Ben Wright

Personal information
- Nickname: The Hobbit
- Born: 23 April 1987 (age 39) Viveash, Western Australia

Sport
- Sport: Para powerlifting

Medal record
Representing Australia
Commonwealth Games
| Bronze medal – third place | 2022 Birmingham | Heavyweight |

= Ben Wright (powerlifter) =

Australian Paralympic powerlifter

Ben Wright (born 23 April 1987) is an Australian para powerlifter. Wright was successful in securing a spot as Bipartisan invitee to compete at 2024 Summer Paralympics.

==Personal==
Wright was born on 23 April 1987 at Viveash, Western Australia. He was born with spina bifida.
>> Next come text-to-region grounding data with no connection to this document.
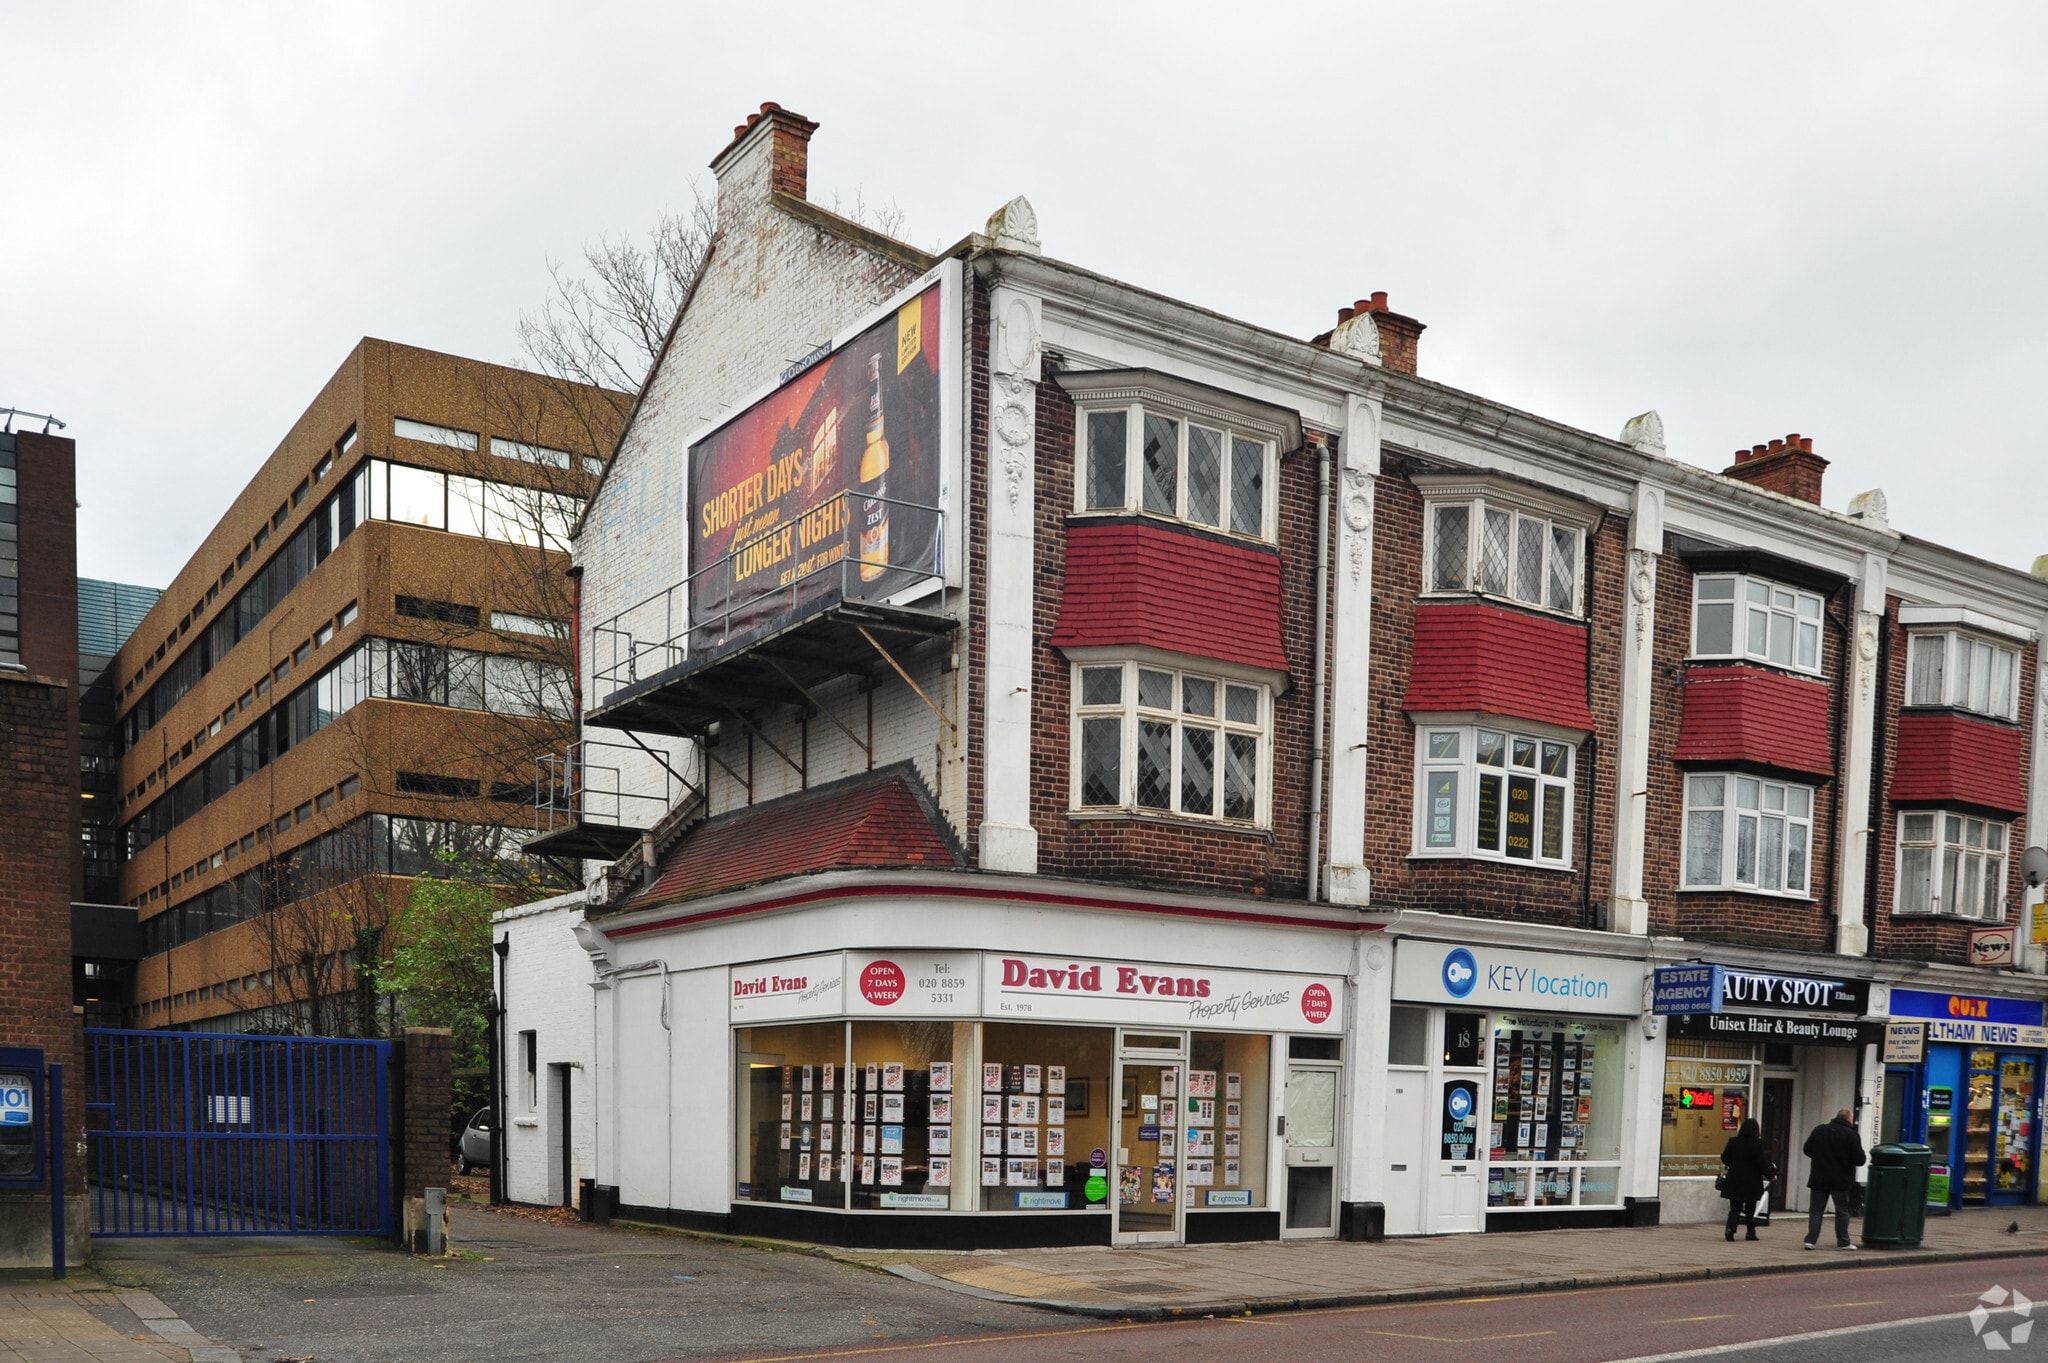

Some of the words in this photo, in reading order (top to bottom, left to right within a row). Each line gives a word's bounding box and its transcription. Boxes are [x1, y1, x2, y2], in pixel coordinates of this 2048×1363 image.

[901, 323, 917, 348] NEW
[702, 472, 764, 539] SHORTER
[767, 448, 803, 503] DAYS
[867, 510, 884, 526] ZEST
[729, 517, 753, 553] just
[735, 520, 793, 583] LONGER
[816, 551, 828, 569] FOR
[828, 540, 850, 564] WINTR
[1512, 788, 1529, 801] 020
[1508, 812, 1530, 825] 8294
[1508, 836, 1530, 849] 0222
[1973, 943, 2011, 953] News
[869, 967, 895, 976] OPEN
[933, 963, 950, 974] Tel:
[867, 979, 873, 987] 7
[874, 979, 898, 988] DAYS
[918, 978, 937, 988] 020
[941, 978, 965, 988] 8859
[1001, 959, 1102, 992] David
[1116, 967, 1211, 998] Evans
[1488, 964, 1529, 993] KEY
[1531, 968, 1609, 999] location
[1660, 970, 1709, 984] ESTATE
[734, 978, 767, 996] David
[771, 976, 808, 993] Evans
[1308, 989, 1326, 997] OPEN
[1657, 986, 1711, 1000] AGENCY
[1722, 974, 1778, 1002] AUTY
[1781, 979, 1834, 1007] SPOT
[930, 993, 953, 1003] 5331
[1311, 1000, 1327, 1008] DAYS
[1000, 1003, 1013, 1011] Est.
[1016, 1004, 1032, 1012] 1978
[1189, 993, 1241, 1022] Property
[1242, 989, 1290, 1011] Services
[1311, 1011, 1328, 1019] WEEK
[1709, 1015, 1746, 1032] Unisex
[1748, 1018, 1773, 1034] Hair
[1775, 1020, 1784, 1034] &
[1786, 1020, 1820, 1039] Beauty
[1822, 1023, 1858, 1041] Lounge
[1890, 1026, 1921, 1035] NEWS
[1981, 1025, 2018, 1044] NEWS
[1457, 1033, 1470, 1049] 18
[1724, 1067, 1747, 1081] 4959
[0, 1088, 29, 1107] 101
In 2023, he works in Perth as a draftsman.

==Power lifting==
Growing up he played wheelchair basketball and threw the shot put. In 2012, he took up powerlifting after attending a 2012 a “come-and-try day” where he pressed 80 kg . At the 2014 Commonwealth Games, Glasgow, he finished tenth in the Men's Bench Press Heavyweight with a press of 152.1 kg. At the 2018 Commonwealth Games, Gold Coast, he finished sixth in the Men's Bench Press Heavyweight with a press of 152.4 kg.
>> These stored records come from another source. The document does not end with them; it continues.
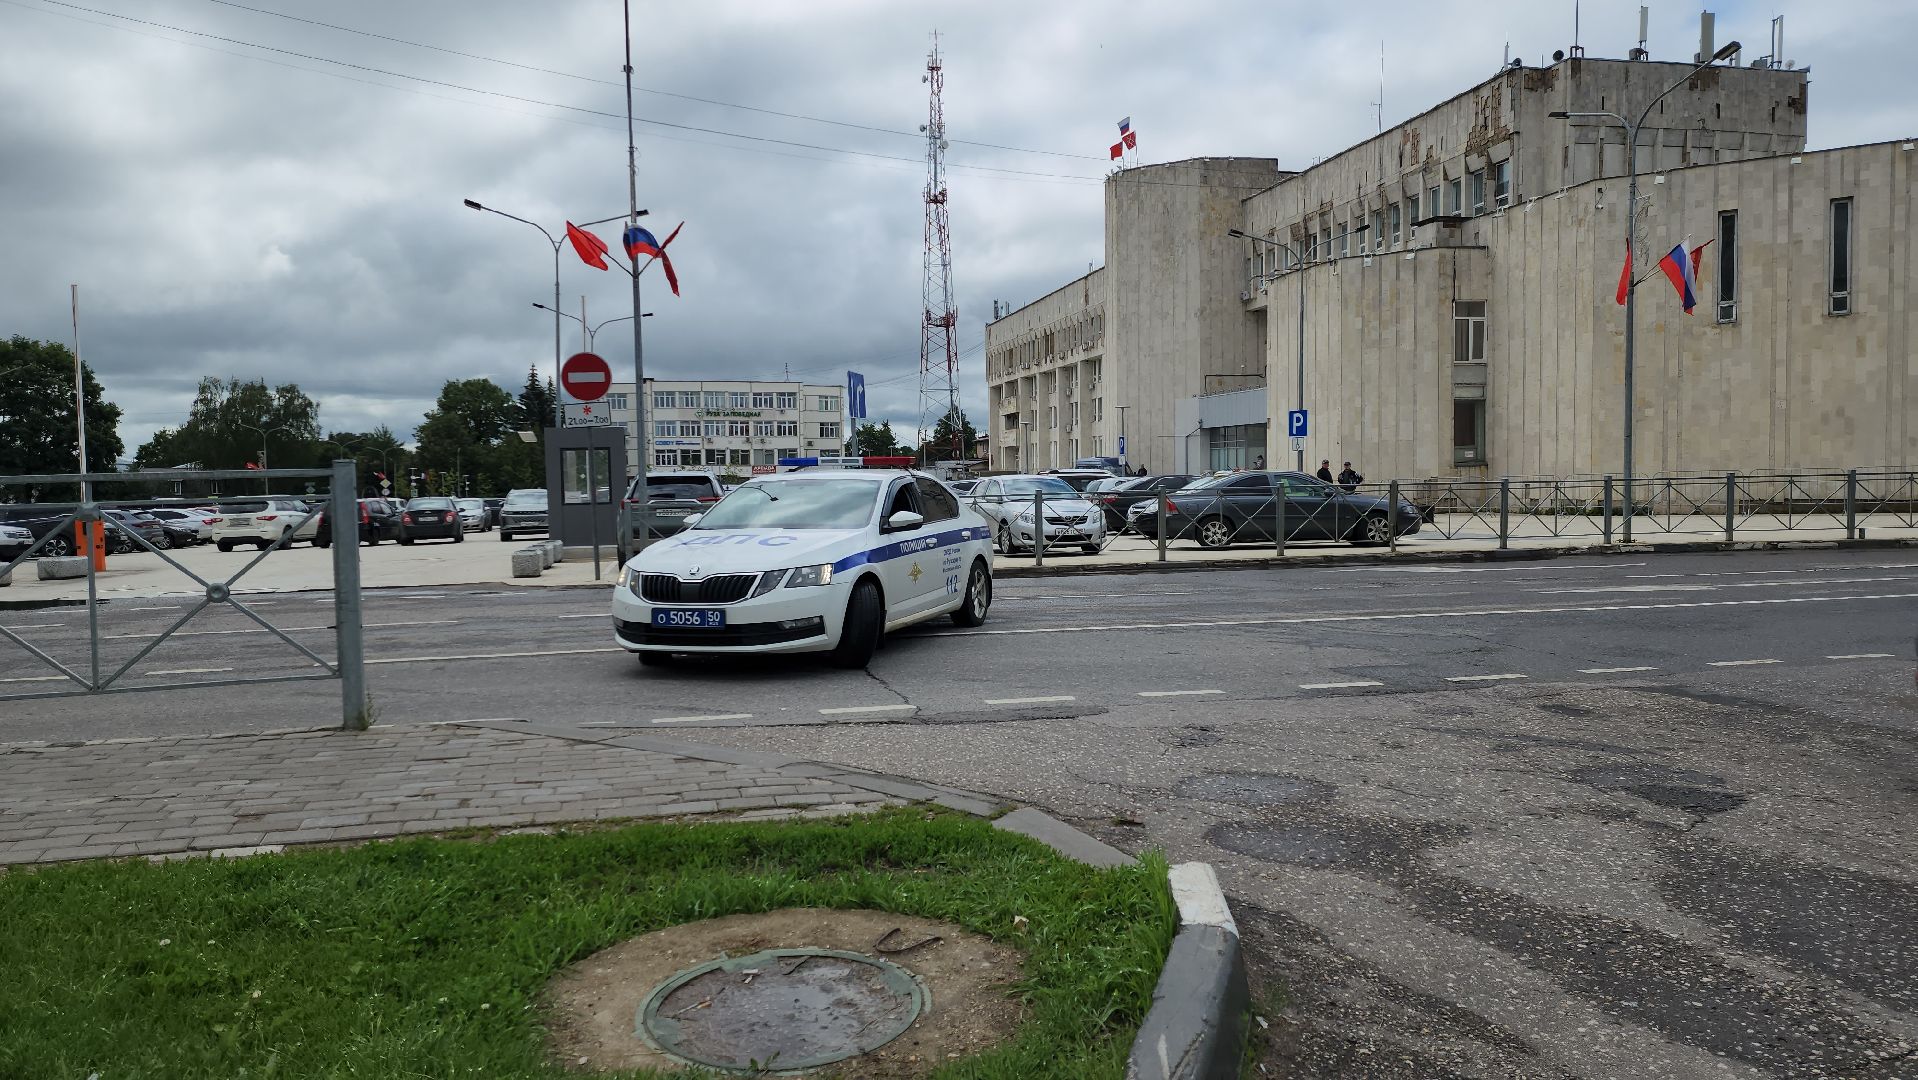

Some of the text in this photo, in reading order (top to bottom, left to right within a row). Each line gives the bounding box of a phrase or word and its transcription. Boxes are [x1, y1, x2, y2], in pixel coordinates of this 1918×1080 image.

[1293, 412, 1304, 435] P
[669, 533, 798, 549] ДПС
[946, 574, 958, 595] 112
[670, 611, 701, 625] 5056
[707, 611, 720, 622] 50
Ten weeks outs from the 2022 Commonwealth Games, Wright suffered a seizure that resulted in a broken back in four places. Placing fourth at Birmingham Commonwealth Games 2022, in 2023 he later elevated to the Bronze position following the disqualification of the Indian gold medallist due to an anti-doping violation.

Wright entered the 2024 Paris Paralympics with a personal best set at the Dubai World Championships in 2023 of 191 kg in the Men's Bench Press 88 kg. At the 2024 Paris Paralympics, he finished seventh in the Men's Bench Press 88 kg with a lift of 192 kg which was an Oceania record.